### HOW TO COMPLETE THIS TASK
Return each entry precisely as it appears below.

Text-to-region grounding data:

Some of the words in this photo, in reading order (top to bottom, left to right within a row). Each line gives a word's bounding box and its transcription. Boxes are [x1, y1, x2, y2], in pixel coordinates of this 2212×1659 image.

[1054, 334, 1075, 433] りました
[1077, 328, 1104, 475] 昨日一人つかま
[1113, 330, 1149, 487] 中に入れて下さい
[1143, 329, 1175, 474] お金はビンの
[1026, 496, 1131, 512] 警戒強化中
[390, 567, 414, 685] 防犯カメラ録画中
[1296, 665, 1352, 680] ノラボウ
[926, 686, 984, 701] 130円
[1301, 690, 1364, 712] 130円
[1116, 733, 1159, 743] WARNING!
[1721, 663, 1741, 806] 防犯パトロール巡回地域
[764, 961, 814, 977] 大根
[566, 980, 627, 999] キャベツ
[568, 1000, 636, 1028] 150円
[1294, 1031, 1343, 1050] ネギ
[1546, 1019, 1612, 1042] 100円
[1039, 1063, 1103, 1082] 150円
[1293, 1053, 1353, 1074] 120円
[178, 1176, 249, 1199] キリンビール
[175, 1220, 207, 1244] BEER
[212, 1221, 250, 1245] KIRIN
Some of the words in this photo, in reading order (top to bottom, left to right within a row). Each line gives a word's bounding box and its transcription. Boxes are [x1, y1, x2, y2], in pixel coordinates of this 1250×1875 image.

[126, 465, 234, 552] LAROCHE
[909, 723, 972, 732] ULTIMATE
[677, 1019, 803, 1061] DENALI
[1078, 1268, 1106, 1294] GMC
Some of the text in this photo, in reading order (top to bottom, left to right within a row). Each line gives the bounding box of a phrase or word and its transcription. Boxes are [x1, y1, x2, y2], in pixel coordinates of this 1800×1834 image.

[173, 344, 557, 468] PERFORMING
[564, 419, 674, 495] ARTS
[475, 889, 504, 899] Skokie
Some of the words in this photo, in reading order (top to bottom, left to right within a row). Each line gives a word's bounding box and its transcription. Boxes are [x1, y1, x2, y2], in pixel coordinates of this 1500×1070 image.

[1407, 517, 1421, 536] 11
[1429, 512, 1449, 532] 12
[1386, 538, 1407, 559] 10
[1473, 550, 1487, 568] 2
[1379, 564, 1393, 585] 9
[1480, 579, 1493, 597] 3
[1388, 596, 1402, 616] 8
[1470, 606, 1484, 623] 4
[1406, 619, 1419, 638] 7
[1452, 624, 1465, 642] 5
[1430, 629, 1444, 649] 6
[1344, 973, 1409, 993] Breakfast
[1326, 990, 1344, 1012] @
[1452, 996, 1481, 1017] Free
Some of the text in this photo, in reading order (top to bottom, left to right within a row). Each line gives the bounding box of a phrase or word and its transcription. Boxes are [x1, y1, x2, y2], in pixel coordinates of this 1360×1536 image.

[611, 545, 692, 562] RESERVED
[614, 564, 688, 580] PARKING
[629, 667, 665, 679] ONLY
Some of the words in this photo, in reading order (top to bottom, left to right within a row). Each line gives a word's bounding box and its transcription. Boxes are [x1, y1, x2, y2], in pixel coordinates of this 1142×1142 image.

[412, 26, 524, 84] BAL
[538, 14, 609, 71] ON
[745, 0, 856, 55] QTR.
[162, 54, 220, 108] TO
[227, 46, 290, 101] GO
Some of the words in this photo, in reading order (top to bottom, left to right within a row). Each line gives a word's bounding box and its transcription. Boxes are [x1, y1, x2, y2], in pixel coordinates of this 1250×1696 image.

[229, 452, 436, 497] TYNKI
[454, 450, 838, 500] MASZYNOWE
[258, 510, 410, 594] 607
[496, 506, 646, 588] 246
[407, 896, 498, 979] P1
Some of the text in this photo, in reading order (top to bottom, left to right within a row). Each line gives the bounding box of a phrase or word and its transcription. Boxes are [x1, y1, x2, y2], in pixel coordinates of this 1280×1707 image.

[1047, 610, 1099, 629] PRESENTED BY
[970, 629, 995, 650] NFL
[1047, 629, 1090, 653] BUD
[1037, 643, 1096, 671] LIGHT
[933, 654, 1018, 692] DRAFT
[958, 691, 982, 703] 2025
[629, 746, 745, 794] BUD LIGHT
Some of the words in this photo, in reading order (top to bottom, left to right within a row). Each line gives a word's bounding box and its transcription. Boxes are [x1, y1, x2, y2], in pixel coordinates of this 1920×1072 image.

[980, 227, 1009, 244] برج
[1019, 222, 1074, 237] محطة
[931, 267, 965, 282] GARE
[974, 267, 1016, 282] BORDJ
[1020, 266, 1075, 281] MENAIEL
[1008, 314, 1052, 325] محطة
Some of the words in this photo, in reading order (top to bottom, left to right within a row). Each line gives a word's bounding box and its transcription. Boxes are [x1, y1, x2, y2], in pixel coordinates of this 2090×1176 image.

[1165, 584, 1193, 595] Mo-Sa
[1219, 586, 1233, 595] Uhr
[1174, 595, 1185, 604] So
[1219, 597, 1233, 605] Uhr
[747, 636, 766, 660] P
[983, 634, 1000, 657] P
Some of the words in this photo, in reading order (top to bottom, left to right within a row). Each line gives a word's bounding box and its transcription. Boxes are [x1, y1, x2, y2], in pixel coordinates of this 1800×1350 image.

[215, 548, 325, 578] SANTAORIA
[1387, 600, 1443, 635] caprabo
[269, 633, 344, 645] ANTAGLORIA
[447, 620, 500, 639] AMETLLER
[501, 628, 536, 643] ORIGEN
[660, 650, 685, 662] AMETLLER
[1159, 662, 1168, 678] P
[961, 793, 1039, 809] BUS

### REPLY
Some of the words in this photo, in reading order (top to bottom, left to right within a row). Each line gives a word's bounding box and its transcription. Boxes are [x1, y1, x2, y2], in pixel coordinates of this 2212×1659 image.

[1054, 334, 1075, 433] りました
[1077, 328, 1104, 475] 昨日一人つかま
[1113, 330, 1149, 487] 中に入れて下さい
[1143, 329, 1175, 474] お金はビンの
[1026, 496, 1131, 512] 警戒強化中
[390, 567, 414, 685] 防犯カメラ録画中
[1296, 665, 1352, 680] ノラボウ
[926, 686, 984, 701] 130円
[1301, 690, 1364, 712] 130円
[1116, 733, 1159, 743] WARNING!
[1721, 663, 1741, 806] 防犯パトロール巡回地域
[764, 961, 814, 977] 大根
[566, 980, 627, 999] キャベツ
[568, 1000, 636, 1028] 150円
[1294, 1031, 1343, 1050] ネギ
[1546, 1019, 1612, 1042] 100円
[1039, 1063, 1103, 1082] 150円
[1293, 1053, 1353, 1074] 120円
[178, 1176, 249, 1199] キリンビール
[175, 1220, 207, 1244] BEER
[212, 1221, 250, 1245] KIRIN
Some of the words in this photo, in reading order (top to bottom, left to right within a row). Each line gives a word's bounding box and its transcription. Boxes are [x1, y1, x2, y2], in pixel coordinates of this 1250×1875 image.

[126, 465, 234, 552] LAROCHE
[909, 723, 972, 732] ULTIMATE
[677, 1019, 803, 1061] DENALI
[1078, 1268, 1106, 1294] GMC
Some of the text in this photo, in reading order (top to bottom, left to right within a row). Each line gives the bounding box of a phrase or word and its transcription. Boxes are [x1, y1, x2, y2], in pixel coordinates of this 1800×1834 image.

[173, 344, 557, 468] PERFORMING
[564, 419, 674, 495] ARTS
[475, 889, 504, 899] Skokie
Some of the words in this photo, in reading order (top to bottom, left to right within a row). Each line gives a word's bounding box and its transcription. Boxes are [x1, y1, x2, y2], in pixel coordinates of this 1500×1070 image.

[1407, 517, 1421, 536] 11
[1429, 512, 1449, 532] 12
[1386, 538, 1407, 559] 10
[1473, 550, 1487, 568] 2
[1379, 564, 1393, 585] 9
[1480, 579, 1493, 597] 3
[1388, 596, 1402, 616] 8
[1470, 606, 1484, 623] 4
[1406, 619, 1419, 638] 7
[1452, 624, 1465, 642] 5
[1430, 629, 1444, 649] 6
[1344, 973, 1409, 993] Breakfast
[1326, 990, 1344, 1012] @
[1452, 996, 1481, 1017] Free
Some of the text in this photo, in reading order (top to bottom, left to right within a row). Each line gives the bounding box of a phrase or word and its transcription. Boxes are [x1, y1, x2, y2], in pixel coordinates of this 1360×1536 image.

[611, 545, 692, 562] RESERVED
[614, 564, 688, 580] PARKING
[629, 667, 665, 679] ONLY
Some of the words in this photo, in reading order (top to bottom, left to right within a row). Each line gives a word's bounding box and its transcription. Boxes are [x1, y1, x2, y2], in pixel coordinates of this 1142×1142 image.

[412, 26, 524, 84] BAL
[538, 14, 609, 71] ON
[745, 0, 856, 55] QTR.
[162, 54, 220, 108] TO
[227, 46, 290, 101] GO
Some of the words in this photo, in reading order (top to bottom, left to right within a row). Each line gives a word's bounding box and its transcription. Boxes are [x1, y1, x2, y2], in pixel coordinates of this 1250×1696 image.

[229, 452, 436, 497] TYNKI
[454, 450, 838, 500] MASZYNOWE
[258, 510, 410, 594] 607
[496, 506, 646, 588] 246
[407, 896, 498, 979] P1
Some of the text in this photo, in reading order (top to bottom, left to right within a row). Each line gives the bounding box of a phrase or word and its transcription. Boxes are [x1, y1, x2, y2], in pixel coordinates of this 1280×1707 image.

[1047, 610, 1099, 629] PRESENTED BY
[970, 629, 995, 650] NFL
[1047, 629, 1090, 653] BUD
[1037, 643, 1096, 671] LIGHT
[933, 654, 1018, 692] DRAFT
[958, 691, 982, 703] 2025
[629, 746, 745, 794] BUD LIGHT
Some of the words in this photo, in reading order (top to bottom, left to right within a row). Each line gives a word's bounding box and its transcription. Boxes are [x1, y1, x2, y2], in pixel coordinates of this 1920×1072 image.

[980, 227, 1009, 244] برج
[1019, 222, 1074, 237] محطة
[931, 267, 965, 282] GARE
[974, 267, 1016, 282] BORDJ
[1020, 266, 1075, 281] MENAIEL
[1008, 314, 1052, 325] محطة
Some of the words in this photo, in reading order (top to bottom, left to right within a row). Each line gives a word's bounding box and its transcription. Boxes are [x1, y1, x2, y2], in pixel coordinates of this 2090×1176 image.

[1165, 584, 1193, 595] Mo-Sa
[1219, 586, 1233, 595] Uhr
[1174, 595, 1185, 604] So
[1219, 597, 1233, 605] Uhr
[747, 636, 766, 660] P
[983, 634, 1000, 657] P
Some of the words in this photo, in reading order (top to bottom, left to right within a row). Each line gives a word's bounding box and its transcription. Boxes are [x1, y1, x2, y2], in pixel coordinates of this 1800×1350 image.

[215, 548, 325, 578] SANTAORIA
[1387, 600, 1443, 635] caprabo
[269, 633, 344, 645] ANTAGLORIA
[447, 620, 500, 639] AMETLLER
[501, 628, 536, 643] ORIGEN
[660, 650, 685, 662] AMETLLER
[1159, 662, 1168, 678] P
[961, 793, 1039, 809] BUS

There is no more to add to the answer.